As he settles to begin refreshing the newspaper pages, his wife pops into the study. An unusual intrusion. Startled, he turns around to face her and gets a reassuring smile and then a soft pat on his shoulder. He protests, “Wetin nah? You know, I’m busy.”

 

“Yes, I come discuss one serious matter. . .  this Amaechi and Wike issue,” she begins. But their quiet discussion almost becomes an argument and she leaves the study in annoyance. His mood is tingled for the morning.

 

He swirls back to face the computer. He logs on to the Punch website and there it is. A bombshell. “TERRORISTS ABDUCT 220 GIRLS IN BORNO.” He’s stunned. He leaves the desk and steps into the ante-room. He hurriedly opens the Red Box. On top of pile of documents is the daily security briefing from the NSA. The report says an unknown number of girls have been abducted by terrorists in Borno. He thinks to himself, “where is Borno sef?” Then he realises he had left his mouth open. He picks up the hotline and starts to dial the Governor of Borno. It’s 6.22 am.

 

He cuts the call and dials the NSA “please see me at once.” He buzzes the Private Secretary, “Invite the security chiefs for a meeting at 8.am. Where is Abati?” He cuts the line then dials the Governor of Borno, “are you sure this is not some APC drama to tarnish the image of my government  –  ’cause the antics of you guys in the APC is becoming too much.”

 

The Governor Shettima replies, “Good morning, sir. I’ve been trying to reach you all through the night but I could not get through. 238 girls were abducted from  Chibok last night . . . ”

 

“Chibok too? I thought they said it’s Borno. Where is Chibok?”

 

“Chibok is in my State. It’s in Borno State. The name of the town is Chibok. It’s Boko Haram. They took them from a boarding school  . . .”

 

“I’m reading the NSA’s report now . . . It says 210 girls were abducted.
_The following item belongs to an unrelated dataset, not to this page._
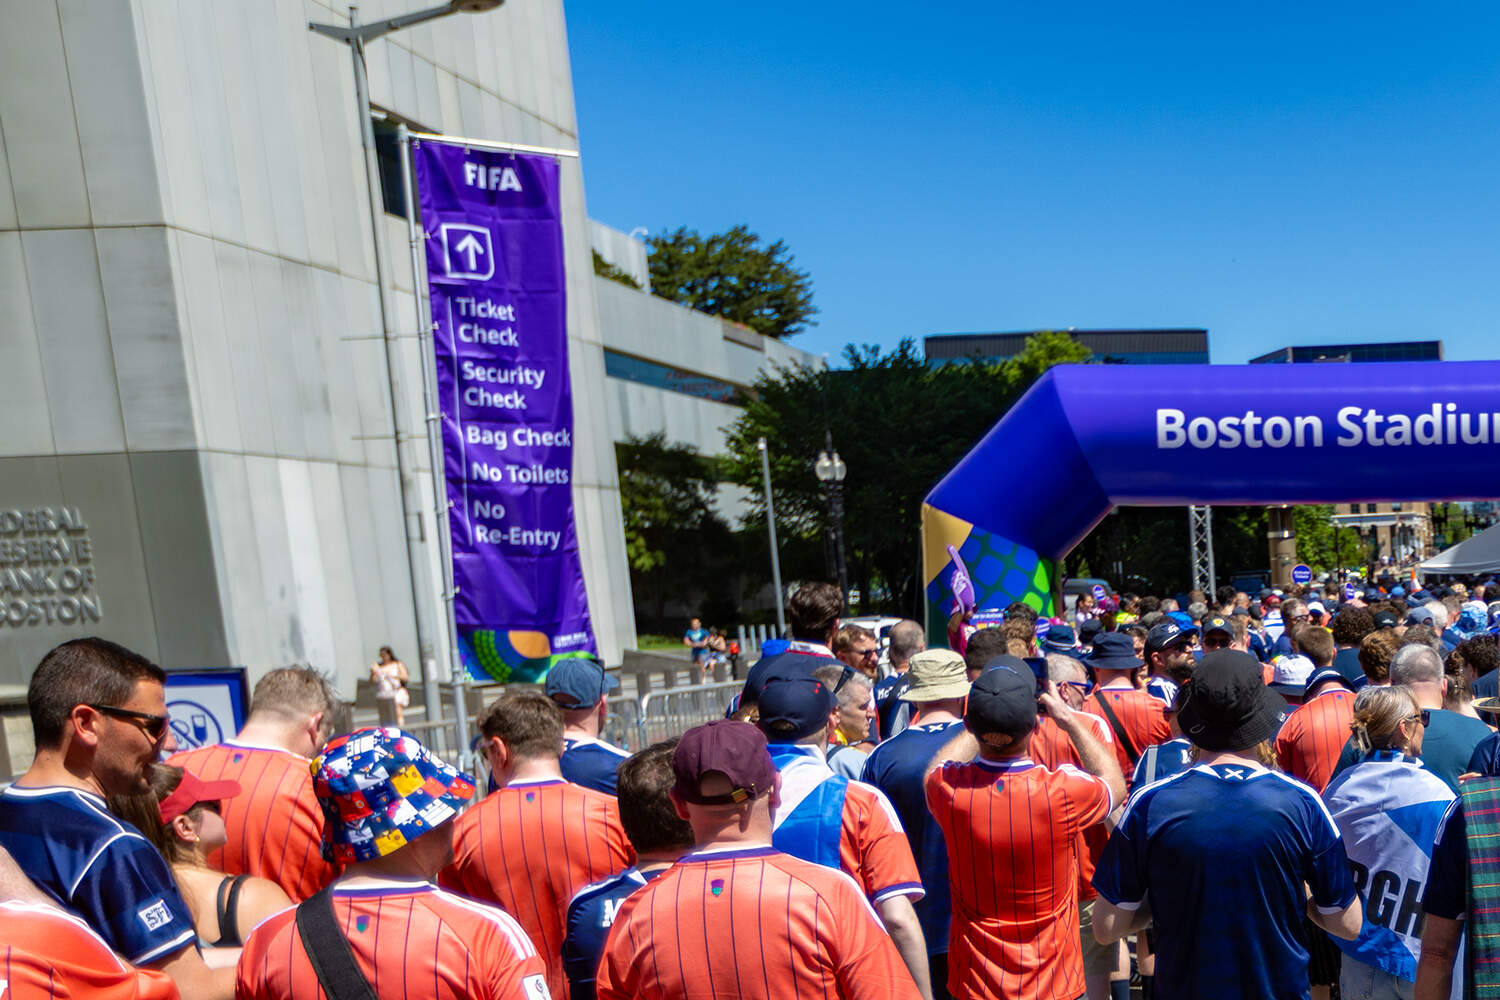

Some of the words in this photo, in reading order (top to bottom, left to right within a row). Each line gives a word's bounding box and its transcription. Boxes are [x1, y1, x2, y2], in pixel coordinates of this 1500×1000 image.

The newspapers say 220. You say 258. Which is which?”

 

“it’s 238, Mr. President.”

 

He cuts the call. He turns around.

 

“Daddy, good morning, sir.”

 

“Good morning, daddy.”

 

His kids. Ready for breakfast. Usually their only time together as a family on most days. “Good morning, how was your night?”

 

“Daddy, grandma’s tooth is paining her,” his son says.

 

“Okay. I will see her. The doctor will see her”.

 

A call comes through on the hotline. It’s Senator David Mark.